Figure 2. Phylogenetic relationship between TA toxins of A. ferrooxidans ATCC 23270.

Circular unrooted dendogram built using Neighbor-Joining method. Scale shows the evolutionary distance in number of base substitutions per site. Toxins described by Leplae et al [19] belonging to RelE/ParE (red full-filled circle), CcdB/MazF (blue full-filled triangles) and VapC (green full-filled squared) super-families were introduced in the analysis as reference. Toxin classifications performed according the homologs with lower evolutionary distance (Table S1) are show in open symbols. The sequences whose homologs with lower evolutionary distance correspond to a non previously classified toxin are show in open rhomboid. The accession numbers of the sequences used in the analysis are in Supporting information S3.

Based on the conserved domain database (CDD [51]) hits and the super-families of each toxin identified in A. ferrooxidans, we predicted that twenty toxins might be ribonucleases that possibly function as translation inhibitors. Functional analysis of some of these ribonucleases associated with MGEs is described below.

TA encoded in MGEs

TA may be associated with MGEs allowing their movement between microorganisms by HGT [25], [52]. To elucidate whether chromosomal TA systems from A. ferrooxidans form part of MGEs and to predict whether they have been acquired or they have the potential to be mobilized by HGT, we analyzed their genetic context.

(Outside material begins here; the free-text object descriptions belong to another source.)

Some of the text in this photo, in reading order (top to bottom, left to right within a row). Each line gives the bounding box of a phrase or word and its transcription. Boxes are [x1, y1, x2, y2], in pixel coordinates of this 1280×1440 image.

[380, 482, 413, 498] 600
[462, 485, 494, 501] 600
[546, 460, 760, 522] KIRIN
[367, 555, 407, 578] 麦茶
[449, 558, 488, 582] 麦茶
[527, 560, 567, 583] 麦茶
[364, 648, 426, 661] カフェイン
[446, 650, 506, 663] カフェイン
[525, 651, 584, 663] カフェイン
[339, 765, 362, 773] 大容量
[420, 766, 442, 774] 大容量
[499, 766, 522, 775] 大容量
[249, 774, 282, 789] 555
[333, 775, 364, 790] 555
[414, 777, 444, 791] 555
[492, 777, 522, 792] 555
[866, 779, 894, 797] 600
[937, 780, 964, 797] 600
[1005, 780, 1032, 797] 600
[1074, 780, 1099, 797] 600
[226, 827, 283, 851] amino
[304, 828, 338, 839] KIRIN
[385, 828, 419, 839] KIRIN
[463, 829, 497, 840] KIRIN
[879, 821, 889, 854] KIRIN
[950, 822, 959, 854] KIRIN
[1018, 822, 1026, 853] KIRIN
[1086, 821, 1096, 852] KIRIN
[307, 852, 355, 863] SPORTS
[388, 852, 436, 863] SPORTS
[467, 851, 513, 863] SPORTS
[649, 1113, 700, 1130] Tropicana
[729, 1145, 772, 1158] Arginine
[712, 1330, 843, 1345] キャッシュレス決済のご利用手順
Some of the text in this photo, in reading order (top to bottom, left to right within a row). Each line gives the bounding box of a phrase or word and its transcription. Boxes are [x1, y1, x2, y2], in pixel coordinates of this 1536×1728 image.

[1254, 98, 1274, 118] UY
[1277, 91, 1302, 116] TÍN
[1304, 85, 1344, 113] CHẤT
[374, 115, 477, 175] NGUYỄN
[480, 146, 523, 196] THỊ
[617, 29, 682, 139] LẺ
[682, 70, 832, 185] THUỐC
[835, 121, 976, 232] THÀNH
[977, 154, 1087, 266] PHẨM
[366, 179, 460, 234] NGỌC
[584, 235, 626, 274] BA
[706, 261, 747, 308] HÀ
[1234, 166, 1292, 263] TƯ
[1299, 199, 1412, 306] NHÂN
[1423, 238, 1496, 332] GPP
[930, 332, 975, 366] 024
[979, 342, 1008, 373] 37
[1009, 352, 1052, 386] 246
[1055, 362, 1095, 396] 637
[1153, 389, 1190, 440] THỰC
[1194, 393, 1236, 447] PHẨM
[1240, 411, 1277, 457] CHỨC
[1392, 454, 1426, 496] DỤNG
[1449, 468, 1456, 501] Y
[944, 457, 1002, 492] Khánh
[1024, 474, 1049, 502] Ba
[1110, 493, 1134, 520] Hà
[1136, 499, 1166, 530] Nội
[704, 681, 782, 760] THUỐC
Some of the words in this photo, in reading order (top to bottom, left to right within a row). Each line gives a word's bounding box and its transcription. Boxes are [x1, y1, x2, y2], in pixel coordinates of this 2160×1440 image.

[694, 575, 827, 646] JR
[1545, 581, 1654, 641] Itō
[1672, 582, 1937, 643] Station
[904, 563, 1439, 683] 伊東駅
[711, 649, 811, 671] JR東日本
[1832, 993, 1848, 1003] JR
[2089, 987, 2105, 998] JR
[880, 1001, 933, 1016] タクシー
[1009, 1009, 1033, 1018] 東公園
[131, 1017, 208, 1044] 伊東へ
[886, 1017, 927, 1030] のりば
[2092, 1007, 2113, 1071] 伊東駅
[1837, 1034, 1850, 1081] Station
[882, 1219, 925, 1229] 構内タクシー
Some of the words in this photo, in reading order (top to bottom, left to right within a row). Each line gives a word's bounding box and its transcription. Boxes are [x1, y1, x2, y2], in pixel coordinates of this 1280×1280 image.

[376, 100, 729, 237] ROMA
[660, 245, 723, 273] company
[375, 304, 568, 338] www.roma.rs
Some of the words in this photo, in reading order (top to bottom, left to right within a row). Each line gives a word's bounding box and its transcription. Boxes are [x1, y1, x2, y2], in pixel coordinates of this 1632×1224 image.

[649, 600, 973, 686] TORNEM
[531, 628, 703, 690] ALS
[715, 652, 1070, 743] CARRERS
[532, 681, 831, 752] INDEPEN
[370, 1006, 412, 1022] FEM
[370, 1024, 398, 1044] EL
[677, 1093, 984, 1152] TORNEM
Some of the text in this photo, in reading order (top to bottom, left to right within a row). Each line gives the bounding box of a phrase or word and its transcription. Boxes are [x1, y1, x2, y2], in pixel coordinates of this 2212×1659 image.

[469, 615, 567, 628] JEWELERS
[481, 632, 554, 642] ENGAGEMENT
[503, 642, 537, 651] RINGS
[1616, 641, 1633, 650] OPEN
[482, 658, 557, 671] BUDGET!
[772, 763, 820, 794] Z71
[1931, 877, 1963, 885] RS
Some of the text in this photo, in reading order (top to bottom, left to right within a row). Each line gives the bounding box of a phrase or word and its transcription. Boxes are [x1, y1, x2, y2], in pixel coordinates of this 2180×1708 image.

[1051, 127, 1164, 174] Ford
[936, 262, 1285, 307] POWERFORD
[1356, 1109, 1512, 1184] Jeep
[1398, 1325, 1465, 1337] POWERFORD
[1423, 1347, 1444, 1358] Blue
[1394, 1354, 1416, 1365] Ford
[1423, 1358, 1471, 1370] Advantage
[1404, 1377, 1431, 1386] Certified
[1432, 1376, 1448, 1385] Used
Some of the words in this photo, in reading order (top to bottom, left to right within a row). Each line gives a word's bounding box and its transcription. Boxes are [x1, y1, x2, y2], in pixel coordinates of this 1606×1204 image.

Recently, we identified and characterized ICEAfe1, an active 291-kbp ICE from A. ferrooxidans type strain ATCC 23270; this element is excised from the chromosome of the bacterium and has the potential to be transferred by conjugation [33]. A. ferrooxidans ATCC 53993 also encodes a 164-kbp genomic island (GI) that provides additional copper resistance to the bacterium [32]. Further other putative ICE, ICEAfe2, is shared by both strains, although these elements are not identical (176-kbp and 159-kbp in ATCC 23270 and ATCC 53993, respectively). A detailed analysis of TA encoded in these MGEs revealed that ICEAfe1, ICEAfe2 and the GI contain four, five (six in ATCC 23270 including a pseudo gene) and four of them, respectively (Figure 1 highlighted in red, pink and blue). Remarkably, TA from ICEAfe1 (TA 26-29, Figure 1 highlighted in red) are exclusive to ATCC 23270, consistent with the unique presence of this ICE in this strain. On the other hand, ICEAfe2 is present in both strains and thus TA encoded within this MGE are shared (TA 9-14 and 17, Figure 1 highlighted in pink). Some of these TA are also encoded in the GI from ATCC 53993 (TA 9-11 and 13, Figure 1, highlighted in blue) suggesting a duplication of these TA systems in this strain. Interestingly, TA encoded in the GI are close to transposon-related sequences and integrases genes and have a different genomic context to their counterparts in the ICEAfe2 (not shown). These findings reinforce the notion that certain chromosomal TA in A. ferrooxidans have the potential to be mobilized by HGT and to form part of its mobile genome. Other TA in A. ferrooxidans are also encoded near to transposases or transposon related-genes (e.g. TA systems from ICEAfe1, Figure S1).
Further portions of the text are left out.